The Ritzenhalers applied to the City for a variance, which was initially granted by the Common Council, but then vetoed by the Mayor. The City Plan Commission then rejected the preliminary plat outright. The Ritzenhalers and the Town of Delton successfully challenged the ordinance in the circuit court, which declared the ordinance void and ordered that the City approve the preliminary plat. The City appealed.

In its decision, the court of appeals first noted that in some cases Wisconsin Stat. ch. 236 grants the power to regulate the subdivision of land to more than one governing body. However, the court held that § 236.13(2)(a) grants specific authority to the town or municipality within which a subdivision lies to choose whether or not the subdivider will be required to install public improvements.

For support the court of appeals turned first to Rice v. City of Oshkosh, where the Wisconsin Supreme Court had interpreted § 236.13(2)(a) to grant only the governing body within which the subdivision lies the power to condition plat approval on the installation of public improvements. In Rice the Supreme Court expressly rejected the contention that a city could require public improvements in its extraterritorial plat review jurisdiction. There the court went on to explain that the legislature chose this arrangement so that decisions regarding public improvements would be made by the governmental units most accountable for those decisions.

The court of appeals found further support in Rogers Dev. Inc. v. Rock County Planning & Dev. Comm., where the court of appeals had held that a municipality may not circumvent § 236.12(2)(a) by conditioning plat approval “on requirements that compel another municipality to implement and maintain public improvements.”

The City argued that a condition related to minimum lot size was different than a requirement that a subdivision actually install a public sanitary sewer system. The court of appeals rejected this argument based on the precedent discussed above. It held that the City’s ordinance had the effect of requiring a public sanitary sewer system where lots are smaller than twenty acres. The court also noted that the City was requiring public improvements for certain lots even though it was not financially responsible for those improvements.

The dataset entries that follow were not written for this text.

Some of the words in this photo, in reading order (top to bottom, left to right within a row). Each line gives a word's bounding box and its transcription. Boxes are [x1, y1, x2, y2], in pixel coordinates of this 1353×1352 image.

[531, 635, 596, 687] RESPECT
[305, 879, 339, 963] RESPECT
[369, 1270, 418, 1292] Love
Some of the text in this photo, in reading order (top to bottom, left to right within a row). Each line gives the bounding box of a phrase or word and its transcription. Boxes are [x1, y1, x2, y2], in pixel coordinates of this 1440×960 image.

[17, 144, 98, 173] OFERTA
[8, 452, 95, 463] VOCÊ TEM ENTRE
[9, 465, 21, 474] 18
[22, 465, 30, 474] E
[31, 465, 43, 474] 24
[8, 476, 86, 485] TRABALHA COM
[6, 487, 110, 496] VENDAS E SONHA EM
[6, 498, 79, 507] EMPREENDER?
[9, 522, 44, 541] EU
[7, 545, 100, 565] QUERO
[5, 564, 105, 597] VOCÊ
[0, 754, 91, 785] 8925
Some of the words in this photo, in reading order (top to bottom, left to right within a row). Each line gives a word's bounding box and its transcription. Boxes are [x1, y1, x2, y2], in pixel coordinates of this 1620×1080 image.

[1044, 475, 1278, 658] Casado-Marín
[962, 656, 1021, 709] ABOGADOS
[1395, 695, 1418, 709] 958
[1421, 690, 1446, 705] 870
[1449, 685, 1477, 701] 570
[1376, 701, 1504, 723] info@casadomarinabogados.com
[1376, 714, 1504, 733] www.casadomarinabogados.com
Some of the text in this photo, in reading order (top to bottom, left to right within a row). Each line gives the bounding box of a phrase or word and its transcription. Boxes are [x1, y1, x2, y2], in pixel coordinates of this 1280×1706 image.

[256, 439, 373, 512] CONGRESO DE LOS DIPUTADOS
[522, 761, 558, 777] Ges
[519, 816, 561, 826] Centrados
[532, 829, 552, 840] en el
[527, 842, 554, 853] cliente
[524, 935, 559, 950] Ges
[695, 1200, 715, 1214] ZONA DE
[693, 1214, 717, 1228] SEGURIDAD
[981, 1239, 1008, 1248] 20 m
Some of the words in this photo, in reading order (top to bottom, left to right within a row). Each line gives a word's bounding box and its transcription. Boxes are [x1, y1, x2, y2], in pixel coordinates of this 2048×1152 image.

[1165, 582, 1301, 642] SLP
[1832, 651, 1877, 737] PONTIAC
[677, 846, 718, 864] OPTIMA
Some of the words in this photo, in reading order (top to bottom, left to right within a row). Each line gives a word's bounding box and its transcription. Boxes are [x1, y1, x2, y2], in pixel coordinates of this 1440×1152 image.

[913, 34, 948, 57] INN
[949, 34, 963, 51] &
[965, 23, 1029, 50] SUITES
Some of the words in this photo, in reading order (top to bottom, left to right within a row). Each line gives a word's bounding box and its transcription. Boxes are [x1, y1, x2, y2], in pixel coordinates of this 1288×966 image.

The court went on to rule that the purpose of the ordinance, the regulation of lot size, was irrelevant because the City had exceeded its authority. Thus any requirement by a municipality that public improvements must be installed by subdividers within its extraterritorial plat review jurisdiction would run afoul of the court of appeals’ ruling no matter the policy justification. Developers seeking approval of plats within a municipality’s extraterritorial plat review jurisdiction should have the municipality’s subdivision ordinances carefully reviewed to determine if these ordinances exceed the authority granted by the statutes. Likewise, municipalities should review their ordinances related to the subdivision of land to make sure that they will be enforceable in the situations where they have extraterritorial plat review jurisdiction.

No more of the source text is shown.